The most common mode of transmission of HCV is exposure to blood products, most commonly from contaminated needles or syringes. The risk of contracting the virus via sexual activity or vertical transmission from mother to child is much lower.

The virus preferentially affects hepatocytes and the acute infection is usually asymptomatic. Most patients fail to clear the virus and become chronic carriers (70–90%). HCV-induced cirrhosis is the second most common cause of liver transplantation in the UK.[2]

The HCV Virion

HCV belongs to the flaviviridae family of viruses and there are six major genotypes of HCV based on analysis of the NS5B regions of the virus.[3]

The virus is an enveloped, spherical single-stranded positive-sense RNA virus. There are two highly conserved untranslated regions (UTR) on either end of the virus genome with the 5' UTR containing the internal ribosomal entry site sequence (IRES).

The genome encodes a polyprotein. The N-terminal consists of the nucleocapsid protein, E1 and E2, and a small ion channel protein, P7. They are followed by the non-structural proteins NS2-NS5, which mediate intracellular aspects of viral functions (Figure 1).

760953-fig1

Figure 1.  Structure of Hepatitis C virus.
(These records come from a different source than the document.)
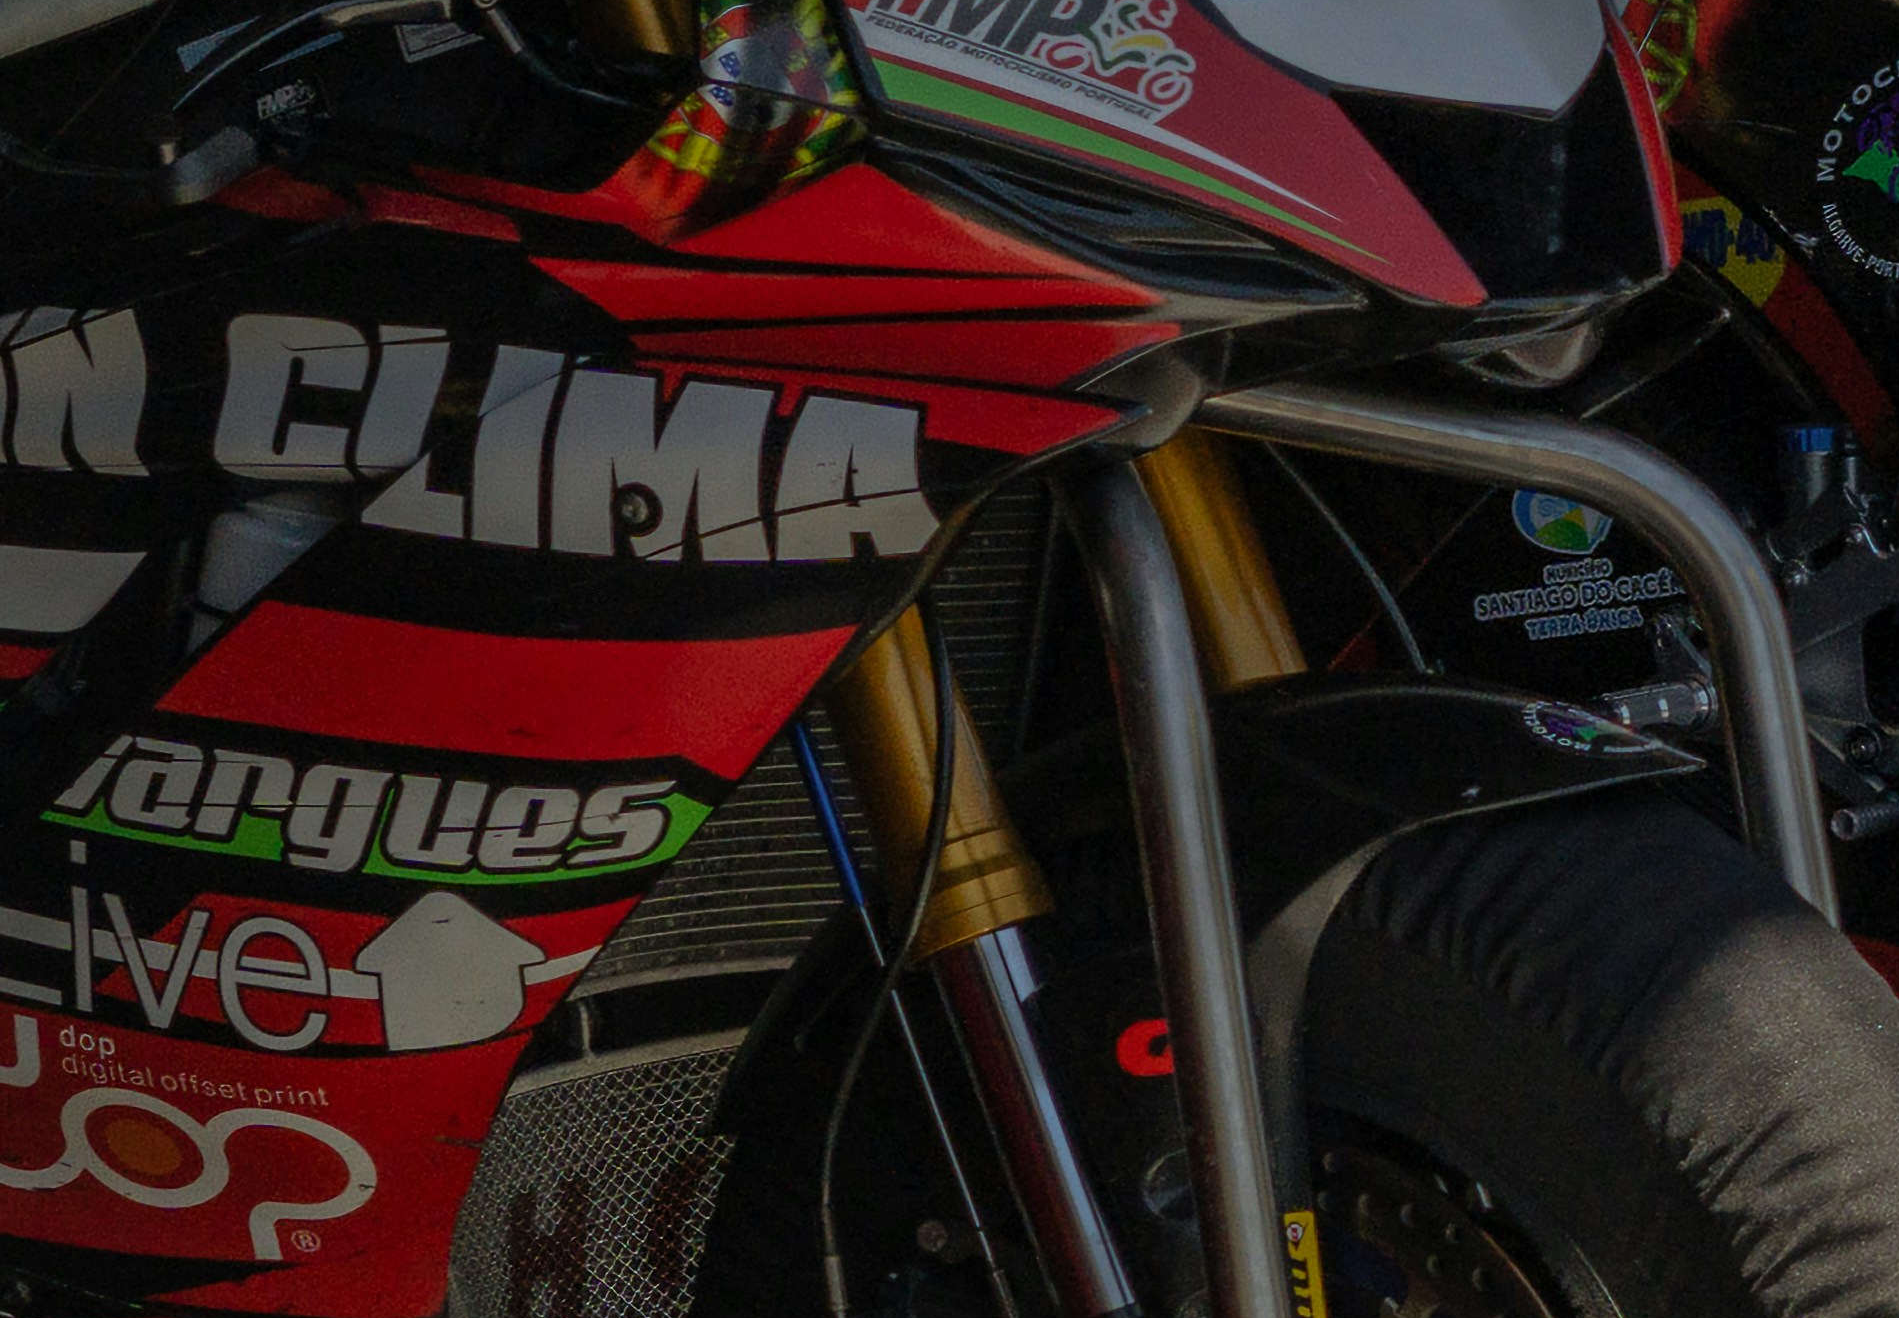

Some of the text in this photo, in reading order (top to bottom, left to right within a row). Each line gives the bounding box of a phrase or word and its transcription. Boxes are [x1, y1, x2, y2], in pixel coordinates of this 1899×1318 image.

[866, 14, 1154, 121] FEDERAÇÃO MOTOCICLISMO PORTUGAL
[0, 305, 942, 564] N CLIMA
[1474, 585, 1578, 621] SANTIAGO
[1579, 580, 1614, 607] DO
[59, 1024, 117, 1060] dop
[62, 1054, 331, 1108] digital offset print
NS2 is initially bound to NS3, but has an autoprotease that splits it into its two constituent halves. NS2 then localises to the endoplasmic reticulum with the envelope glycoproteins.[4]

NS3 is a serine protease that splits the other structural proteins into their active forms. It cleaves NS3-NS4a, NS4a-NS4b, NS4b-NS5a and NS5a-NS5b. It has helicase activity allowing unwinding of double stranded RNA intermediates.[4]
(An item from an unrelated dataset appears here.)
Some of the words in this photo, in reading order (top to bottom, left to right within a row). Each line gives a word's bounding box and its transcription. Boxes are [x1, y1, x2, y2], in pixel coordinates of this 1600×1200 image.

NS4a is a co-factor and helps to anchor the NS3 serine proteases to the intracellular membranes. NS4b induces the formation of a membranous web that becomes the site for HCV replication.

NS5a forms part of the replication complex with NS3-NS5b and has a role in mediating the interferon response (via the secretion of IL8), modulating host-signalling pathways and thus inhibiting apoptosis of infected hepatocytes.[5] NS5b is the viral RNA-dependent RNA polymerase.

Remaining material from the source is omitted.